多摩ニュータウンのど真ん中にある落合団地商店街を拠点に活動する「スタジオメガネ」。「メガネを売っているんですか?」とお客さんに聞かれると言いますが、横溝 惇さん・宮澤祐子さん夫妻が2017年10月に結成した一級建築士事務所です。2020年7月にはメガネ食堂BARをカフェ「メガネキッチン」に改装。“地域に開く”建築事務所の在り方を考えながら、イベントの企画やリノベーション支援など幅広い活動は、商店街に新しい風を吹かせています。

|至極の一言|
いかにみんなが楽しめるか。そういうことをきっかけに街は少しずつ変化していく

けやきがある商店街に、建築家が事務所を構える意味

崎谷:そもそも商店街の何に魅了されたのですか?

横溝: 2016年に僕が独立する際、拠点となる場所を探していたんです。妻の実家が多摩ニュータウンで、改めて歩いたことがないなと思い散歩に出たときに、公園の中にある不思議な商店街を見つけて。ど真ん中にけやきが何本も生えているんです。空き店舗のテナント募集のお知らせがあり、すぐに写メを撮り、ここで事務所をやったらどうなるんだろうという話を始めました。

崎谷:けやきがある商店街!どのあたりに魅力を感じられたのですか?

横溝:もともと僕が勤めていた設計事務所は、ブックカフェ併設で街に開くようなことをしていました。建築家みたいな職業の人たちが街に対して開く、ということを考えるきっかけになって、それがどういうことなのか、僕らも実践しながらやってみたいと思いました。
図面を描けて、打ち合わせスペースがあればどうにかなる仕事なので、同じ多摩ニュータウンでも、団地の中という選択肢もあったかもしれません。でもそれではこの場所に拠点を置く意味がないなと思ったんです。
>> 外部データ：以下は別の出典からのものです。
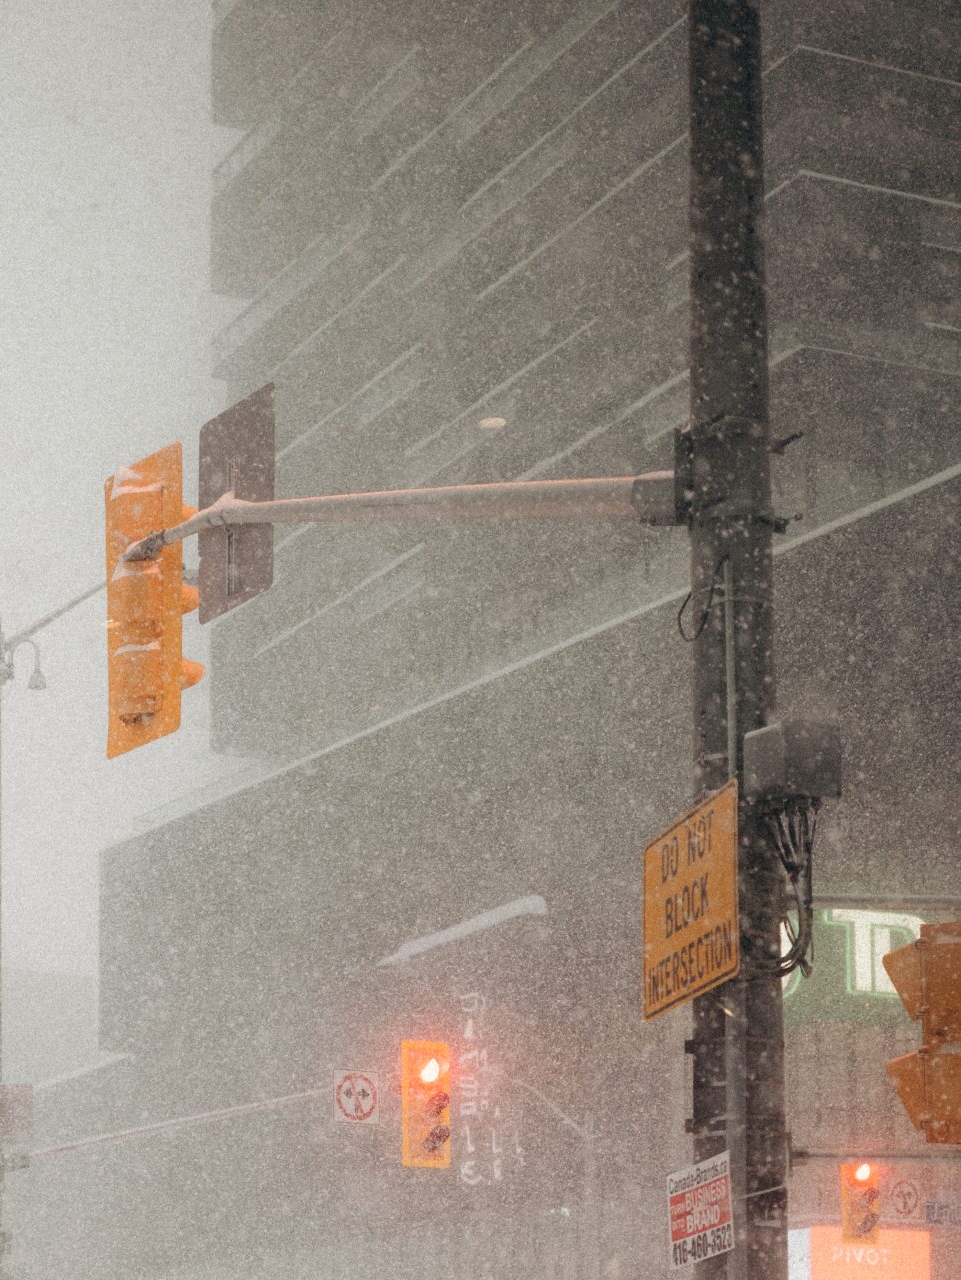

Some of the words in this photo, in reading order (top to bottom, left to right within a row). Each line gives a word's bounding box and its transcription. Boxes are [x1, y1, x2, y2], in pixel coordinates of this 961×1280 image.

崎谷:私の編集の仕事も、本を作るだけでなく、関係性を作るなど街にどうアプローチしていくかを大切にしています。建築も同じで、もしかしたら作るだけということから少しずつ脱却し始めているのかもしれませんね。

横溝:商店街は地域の人たちのためのものですが、じつは僕らの建築活動もそういう気持ちでやっています。住宅であっても、地域のためのものを作りたいなと。だから自分たちの拠点もそういう場所に置いてみようということになりました。

ハード・ソフト両面のリノベーションで商店街を活性化

崎谷:横溝さんは現在、多摩ニュータウン近隣センター商店街リノベーション支援専門家ということですが、これはどういうお仕事ですか?

横溝:東京都の支援事業でもあるのですが、シャッター街や活性化が必要な商店街のハード面とソフト面の両方のリノベーションを支援することで、自治体を活性化する取り組みです。私のような建築家が入ることで、ハード面の提案もできるという意味で、いろいろ支援ができるかなと考えています。

崎谷:商店街のニーズとしては、どういう要望があるんですか?

横溝:ハード面のリノベーションのご相談もあれば、イベントみたいなものを仕掛ける、まちづくり的な提案もあります。ただのイベントというよりは、アーケードを使ったものなどその場所でしかできないような仕掛けを、商店街の人たちとしゃべりながら提案させていただいています。

崎谷:「ニューマチヅクリシャ」というグループでイベントをされたりもしているそうですね。

横溝:街を楽しんでいくような仕掛けをしている仲間たちを集めて、ここではどういうイベントができるか、どういうイノベーションがあり得るかを話し合いながら商店街の人たちや行政に提案する、ブレインみたいなグループです。リノベーション支援に関わる専門家(不動産業やアーティスト、まちづくり系の人たち)に呼び名があったら「ニューマチさんにお願いしましょう」みたいに頼みやすいかなと思って作りました。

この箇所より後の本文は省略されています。